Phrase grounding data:
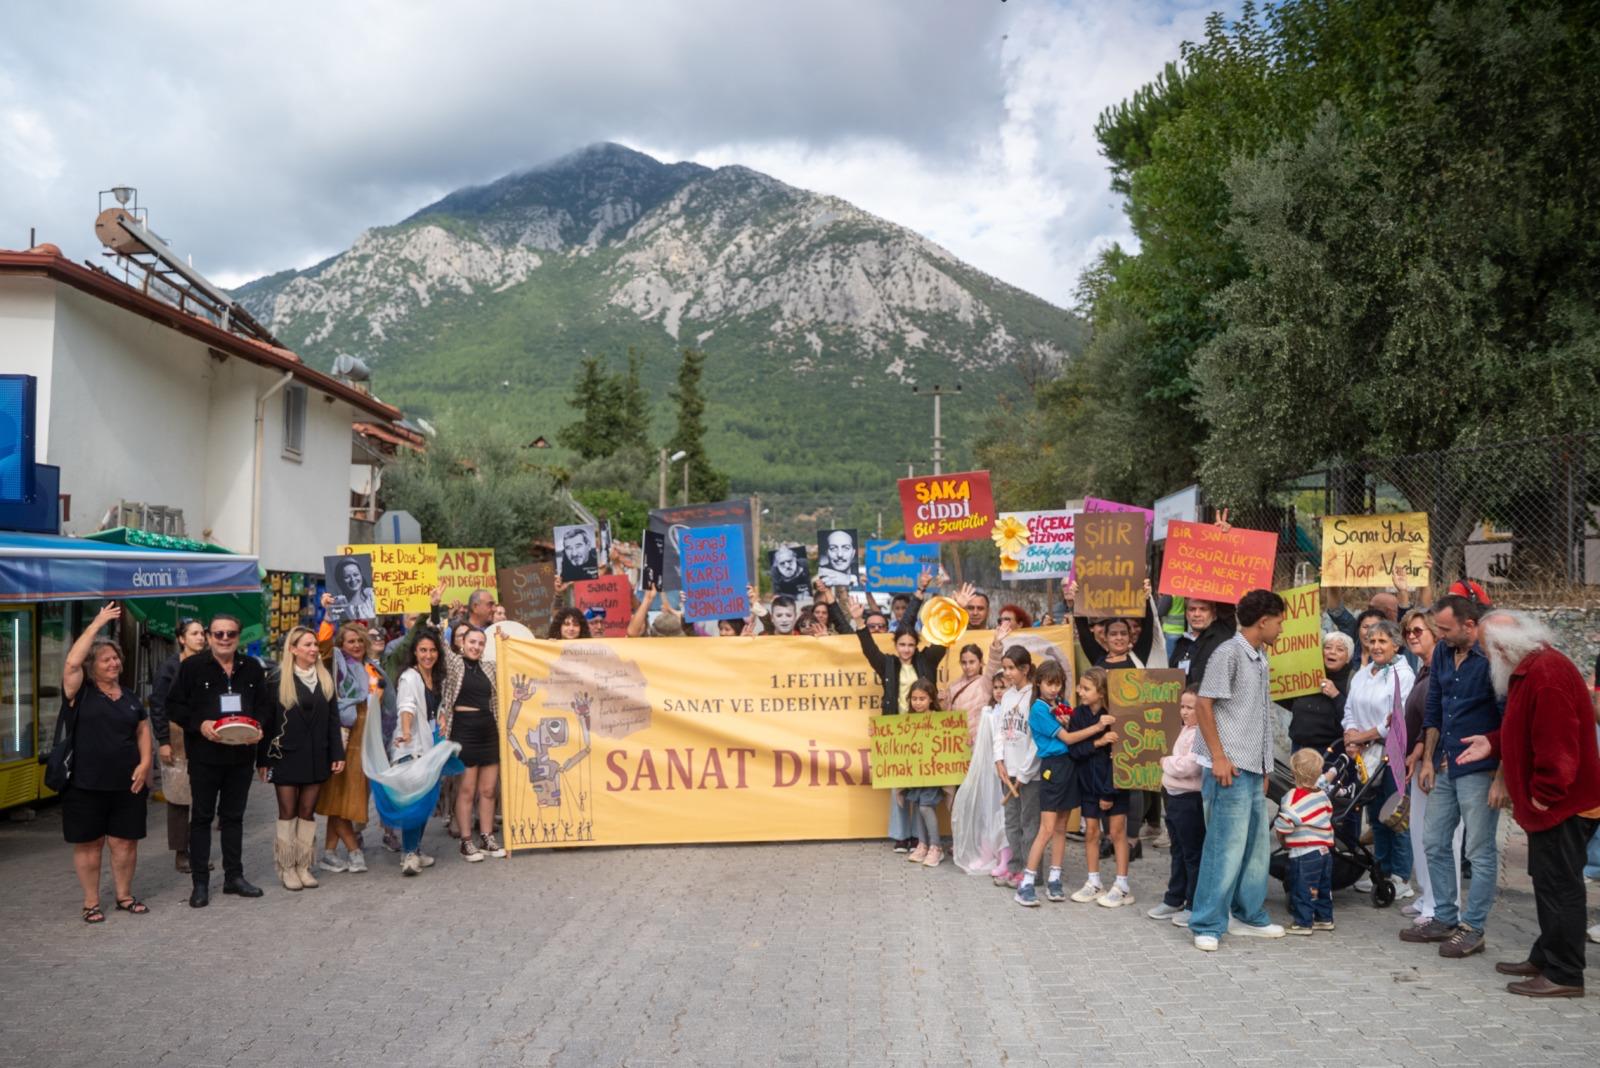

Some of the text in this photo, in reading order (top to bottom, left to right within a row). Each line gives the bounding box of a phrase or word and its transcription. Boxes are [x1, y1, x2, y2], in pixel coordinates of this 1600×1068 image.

[914, 479, 971, 504] ŞAKA
[917, 498, 970, 520] CİDDİ
[913, 520, 935, 538] Bir
[1027, 514, 1075, 534] ÇİÇEKL
[1334, 519, 1425, 546] Sanat Yoksa
[1026, 532, 1074, 545] ÇİZİYOR
[1344, 551, 1375, 579] Kan
[132, 568, 172, 587] ekomini
[663, 698, 724, 713] SANAT
[730, 698, 755, 713] VE
[760, 693, 852, 713] EDEBİYAT
[605, 747, 756, 792] SANAT
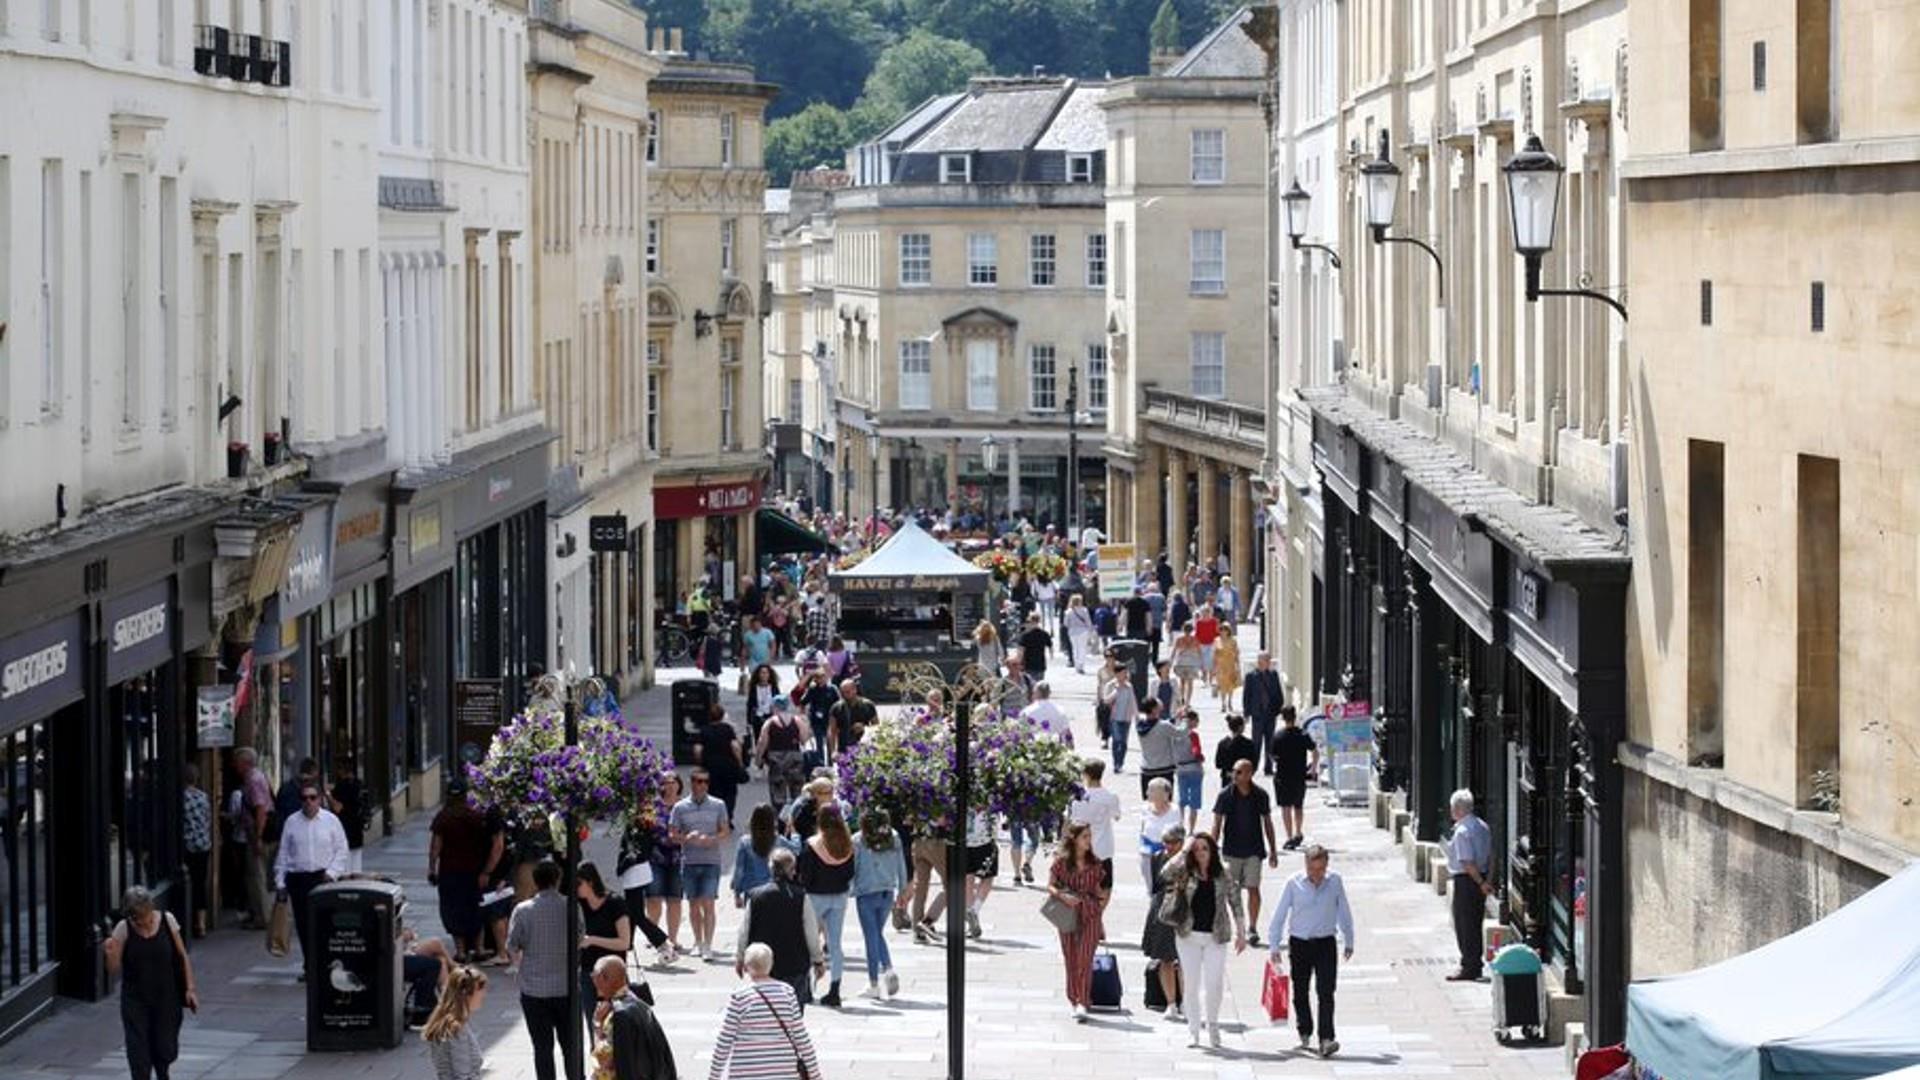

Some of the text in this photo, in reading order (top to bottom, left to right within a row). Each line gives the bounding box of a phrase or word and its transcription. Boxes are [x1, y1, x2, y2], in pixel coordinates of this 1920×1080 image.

[593, 527, 625, 540] COS
[113, 601, 166, 652] SKECHERS
[2, 640, 68, 698] SKECHERS

> PROBLEM TO SOLVE:
Word for word, quote the lines above. Omit the pictures.

> ANSWER SECTION:
Some of the text in this photo, in reading order (top to bottom, left to right within a row). Each line gives the bounding box of a phrase or word and its transcription. Boxes are [x1, y1, x2, y2], in pixel coordinates of this 1600×1068 image.

[914, 479, 971, 504] ŞAKA
[917, 498, 970, 520] CİDDİ
[913, 520, 935, 538] Bir
[1027, 514, 1075, 534] ÇİÇEKL
[1334, 519, 1425, 546] Sanat Yoksa
[1026, 532, 1074, 545] ÇİZİYOR
[1344, 551, 1375, 579] Kan
[132, 568, 172, 587] ekomini
[663, 698, 724, 713] SANAT
[730, 698, 755, 713] VE
[760, 693, 852, 713] EDEBİYAT
[605, 747, 756, 792] SANAT

Some of the text in this photo, in reading order (top to bottom, left to right within a row). Each line gives the bounding box of a phrase or word and its transcription. Boxes are [x1, y1, x2, y2], in pixel coordinates of this 1920×1080 image.

[593, 527, 625, 540] COS
[113, 601, 166, 652] SKECHERS
[2, 640, 68, 698] SKECHERS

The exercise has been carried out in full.